• _What needs to be done_: Apart from the images, repeat the data below exactly as written.

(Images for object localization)
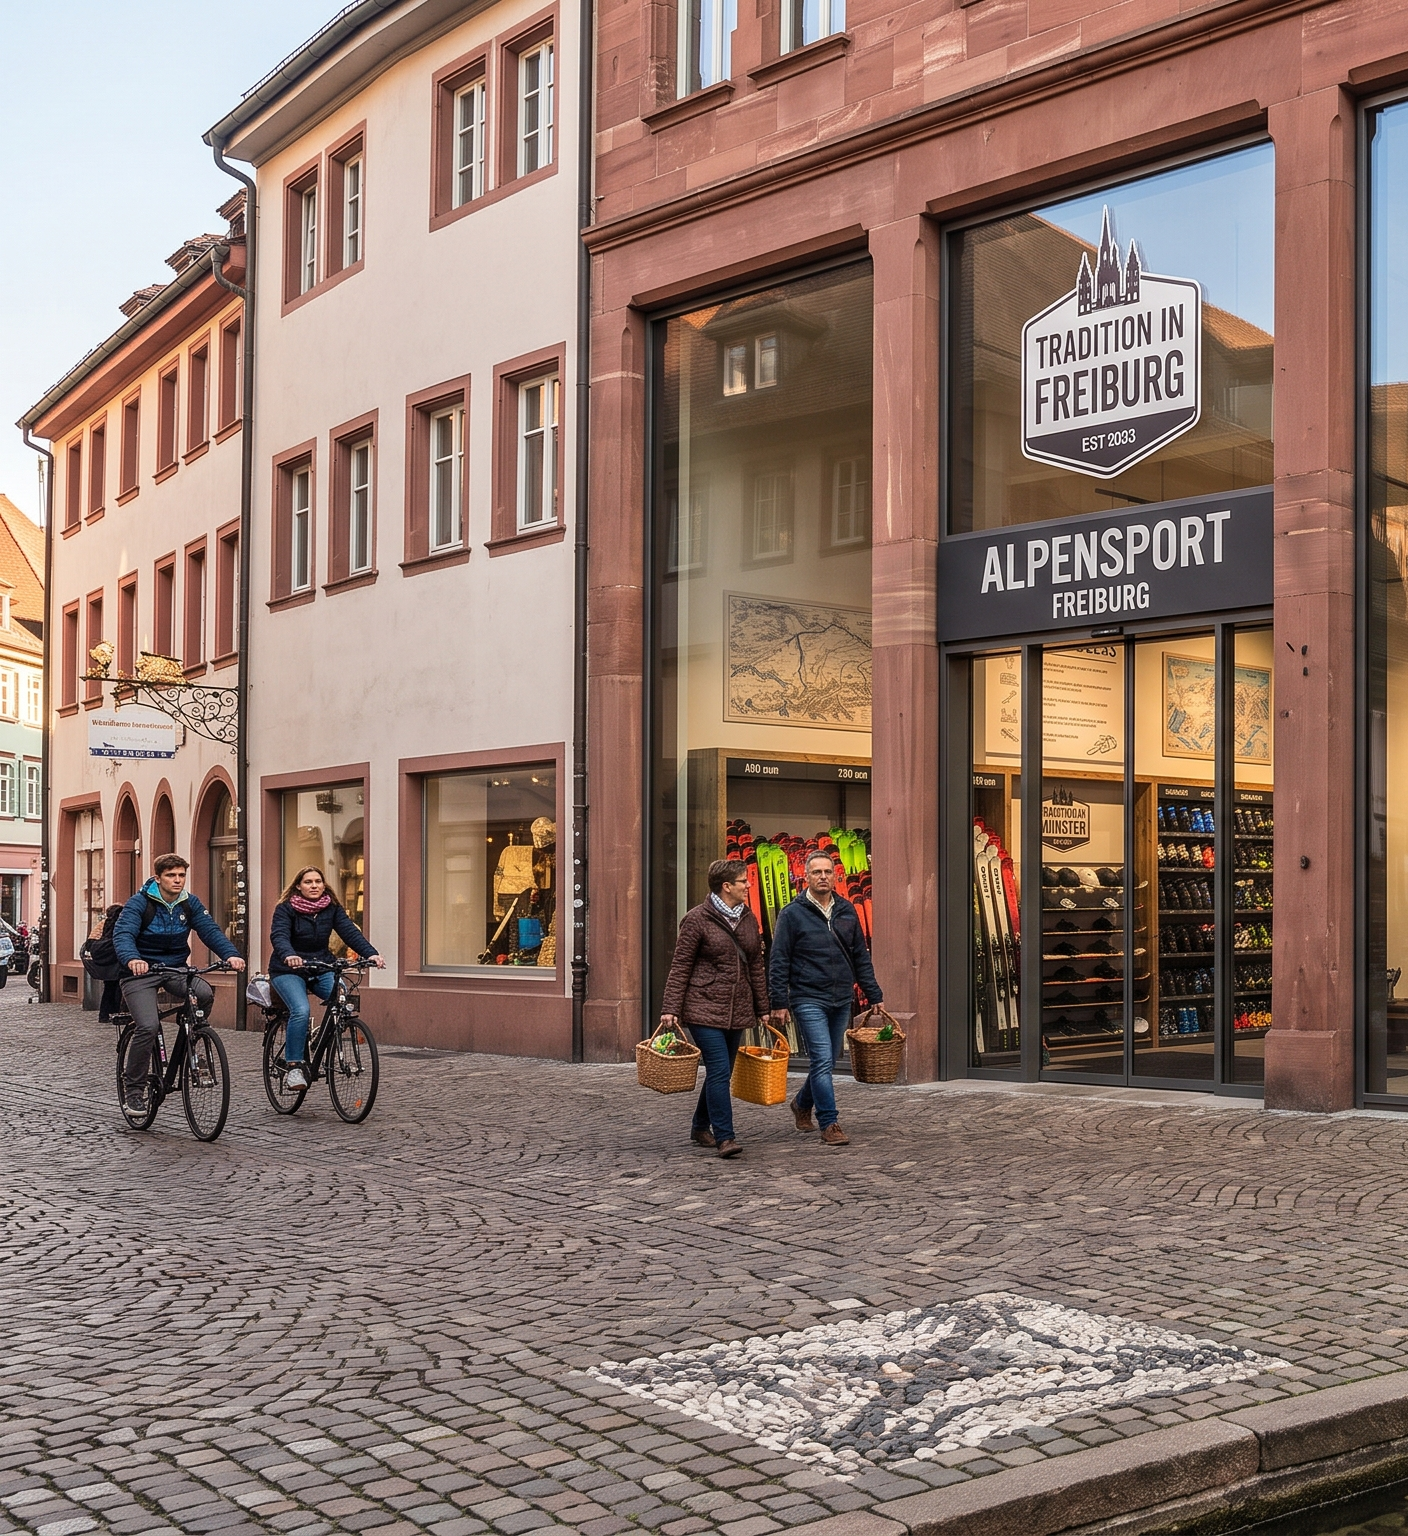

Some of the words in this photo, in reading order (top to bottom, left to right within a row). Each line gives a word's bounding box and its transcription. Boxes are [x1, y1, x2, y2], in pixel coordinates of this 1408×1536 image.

[1036, 311, 1152, 369] TRADITION
[1161, 303, 1184, 342] IN
[1036, 349, 1184, 425] FREIBURG
[1082, 434, 1106, 452] EST
[1107, 428, 1136, 447] 2033
[980, 510, 1231, 594] ALPENSPORT
[1053, 581, 1150, 619] FREIBURG

• _Written solution_:
Some of the words in this photo, in reading order (top to bottom, left to right within a row). Each line gives a word's bounding box and its transcription. Boxes are [x1, y1, x2, y2], in pixel coordinates of this 1408×1536 image.

[1036, 311, 1152, 369] TRADITION
[1161, 303, 1184, 342] IN
[1036, 349, 1184, 425] FREIBURG
[1082, 434, 1106, 452] EST
[1107, 428, 1136, 447] 2033
[980, 510, 1231, 594] ALPENSPORT
[1053, 581, 1150, 619] FREIBURG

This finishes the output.